8. Vejamos em primeiro lugar se o acórdão arbitral padece da nulidade que lhe é assacada pela Federação Portuguesa de Futebol, ou seja, se o mesmo padece da nulidade prevista no artigo 615º, nº 1, alínea c) do CPCivil, porquanto ao considerar provados os pontos 86, 87, 88 e 89 entra numa grave contradição ao decidir pela impossibilidade de condenação da demandante, ora recorrida, porquanto o tipo objectivo do ilícito disciplinar pelo qual aquela foi sancionada se preenche, precisamente, com a factualidade que foi considerada provada pelo colégio de árbitros.
Vejamos.
9. Determina o artigo 615º, nº 1, alínea c) do CPCivil que a sentença é nula quando “os fundamentos estejam em oposição com a decisão ou ocorra alguma ambiguidade ou obscuridade que torne a decisão ininteligível”, o que se verifica quando ocorre um vício lógico da decisão, como por exemplo se, na fundamentação desta, o julgador seguir determinada linha de raciocínio, apontando para determinada conclusão, e em vez de a tirar, decidir noutro sentido, oposto ou divergente. Por outro lado, a ambiguidade ou a obscuridade a que se alude na alínea c) do nº 1 do artigo 615º do CPCivil só releva quando torne a parte decisória ininteligível e só torna a parte decisória ininteligível “quando um declaratário normal, nos termos dos artigos 236º, nº 1, e 238º, nº 1, do Código Civil, não possa retirar da decisão um sentido unívoco, mesmo depois de recorrer à fundamentação para a interpretar” (cfr., neste sentido, o acórdão do STJ, de 20-5-2021, exarado no 69/11.2TBPPS.C1.S1).

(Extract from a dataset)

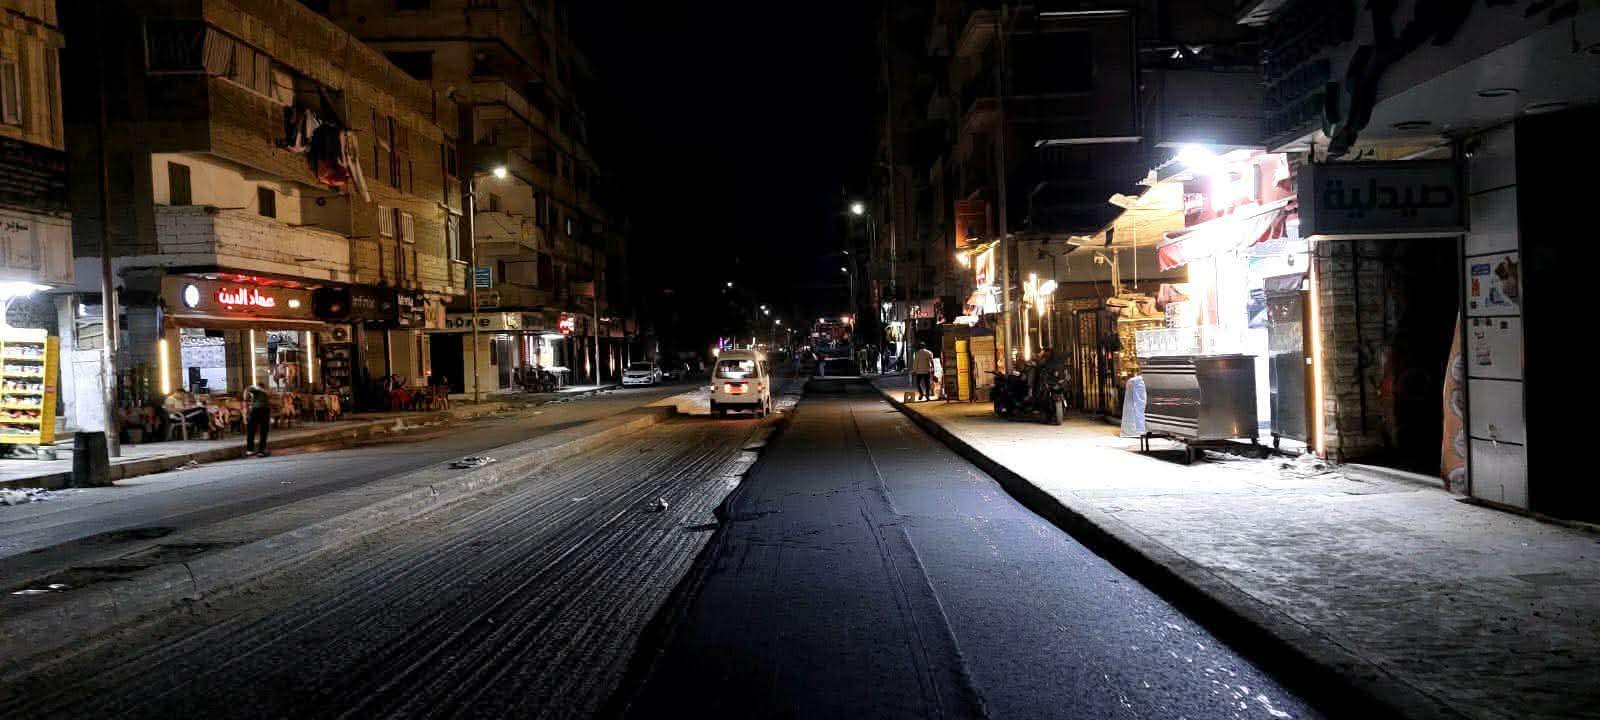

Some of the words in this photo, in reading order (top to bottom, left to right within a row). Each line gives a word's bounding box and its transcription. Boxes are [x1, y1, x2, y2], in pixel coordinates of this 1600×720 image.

[1323, 177, 1454, 219] صيدلية
[218, 287, 248, 310] الدين
[249, 289, 276, 308] عماد
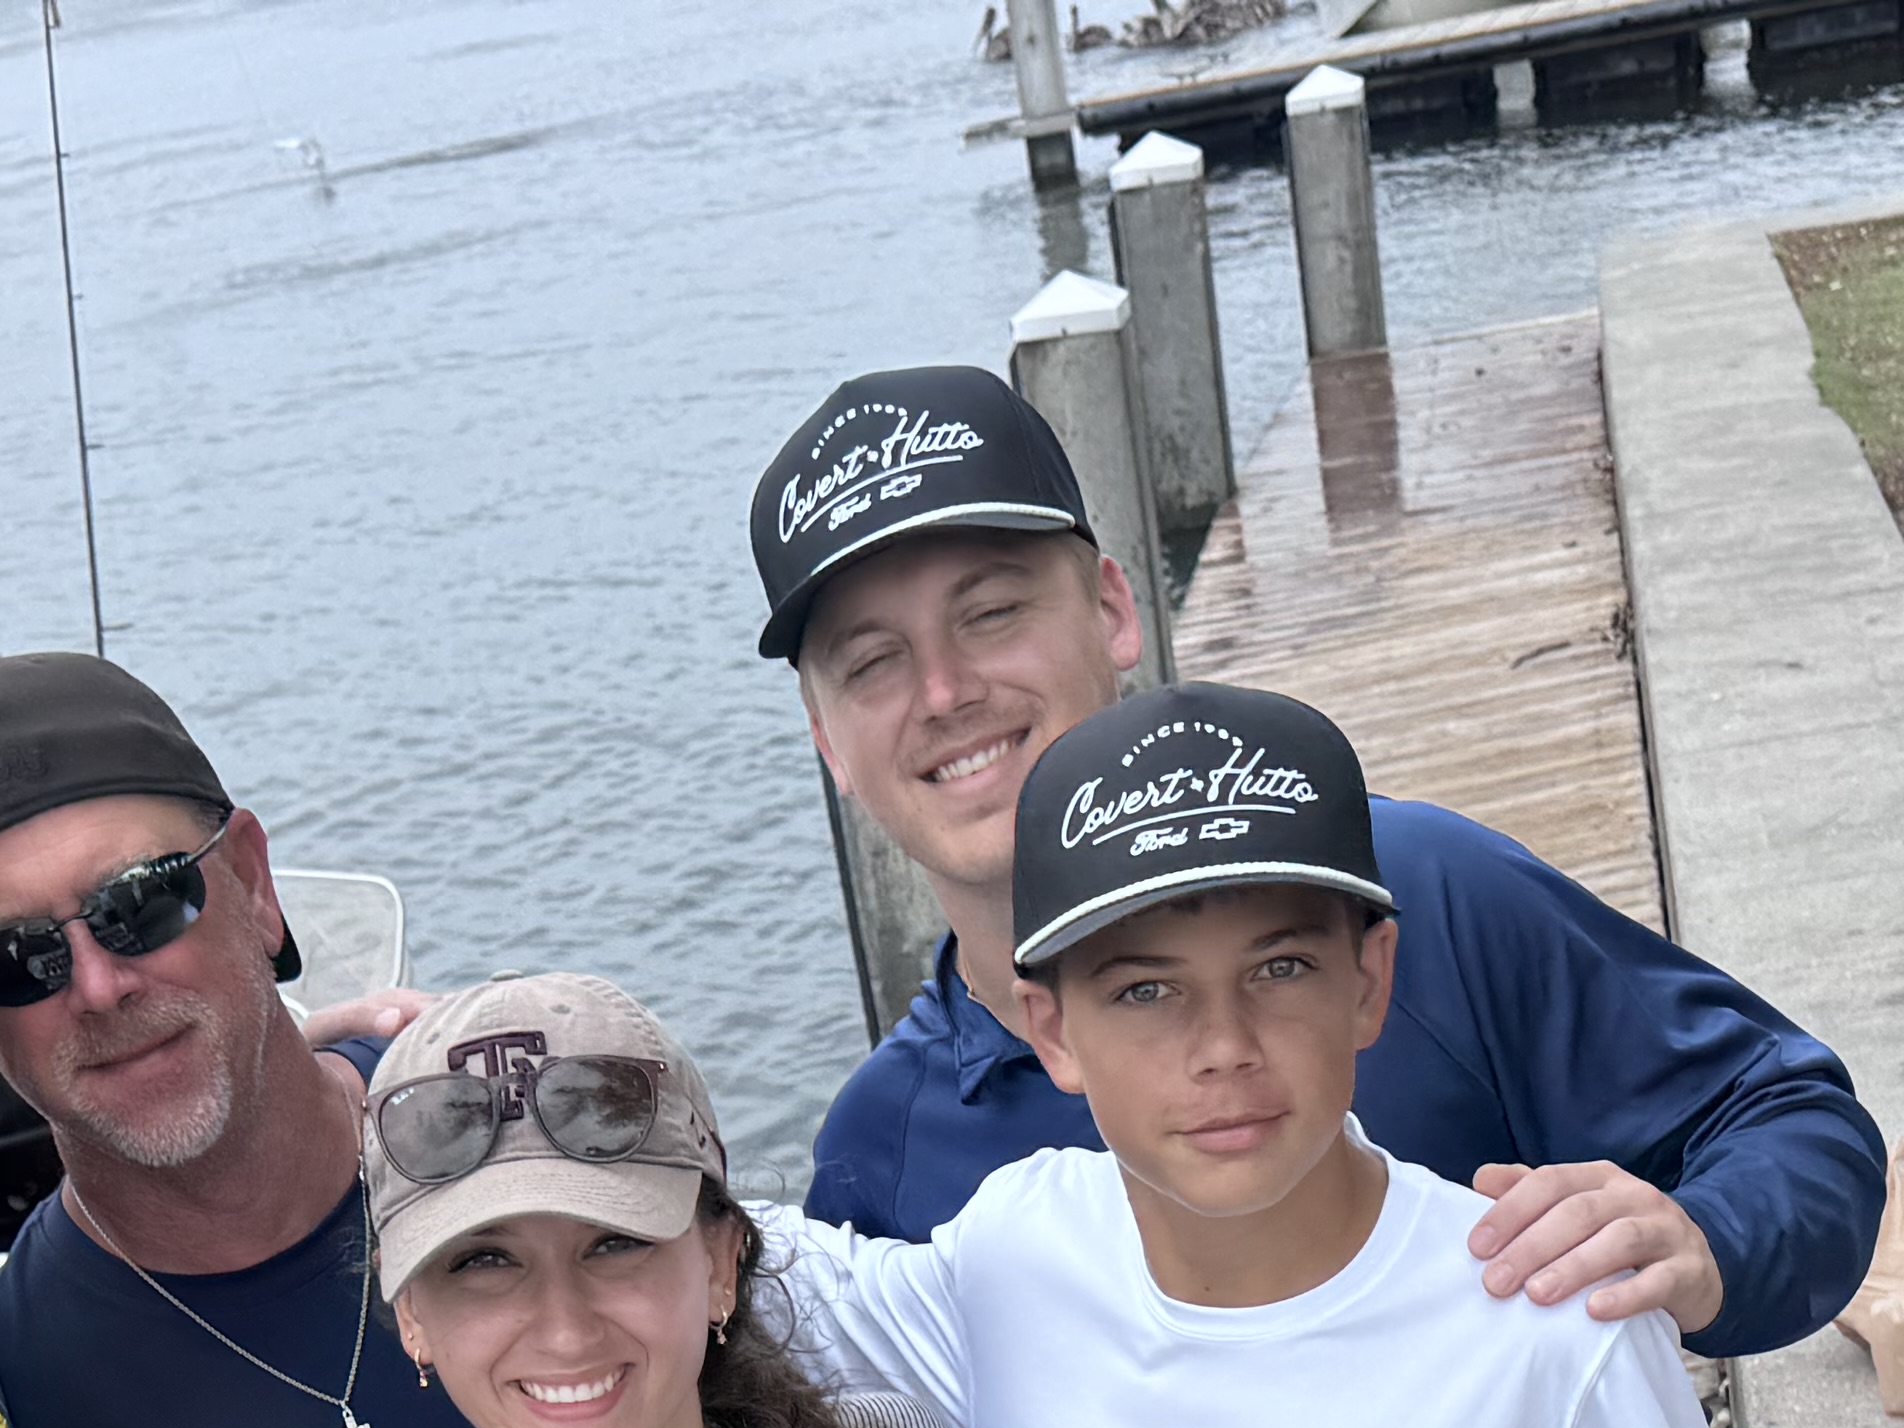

10. Ora, no caso dos autos, o que sucedeu foi que o acórdão arbitral, na análise jurídica a que procedeu, considerou que os factos constantes da acusação (ou seja, que a SAD arguida, nos jogos disputados antes da realização da Final Four da Taça da Liga (Allianz Cup), época desportiva 2019/2020, com excepção do jogo disputado com a Clube Desportivo de Tondela – isto é, nos jogos supra identificados em 2)5, 3)6, 4)7 e 7)8 – manteve instalado o sistema de videovigilância, no Estádio Municipal de Braga, que permitia o controlo visual de todo o recinto desportivo, pois encontrava-se dotado de câmaras de videovigilância que permitia a captação e gravação de imagens, desde a abertura até ao encerramento do recinto desportivo, todavia apenas era captado e gravado som no túnel de acesso aos balneários, não permitindo a gravação de som nas restantes zonas do Estádio, prova essa resultante da conjugação de toda a prova carreada para os autos e, em particular, das informações das autoridades policiais constantes a fls. 104, 161 e 162 (em resposta ao pedido de esclarecimentos de fls. 133 a 136) dos autos principais e de fls. 180 do processo apenso), não se mostravam ancorados de forma a que se mostre “demonstrada e devidamente comprovada, através de robustas provas, a materialidade e autoria da infracção disciplinar”, concluindo por isso que “fica(va) comprometida qualquer condenação do arguido/recorrida, que deve ter a seu favor a presunção de inocência”.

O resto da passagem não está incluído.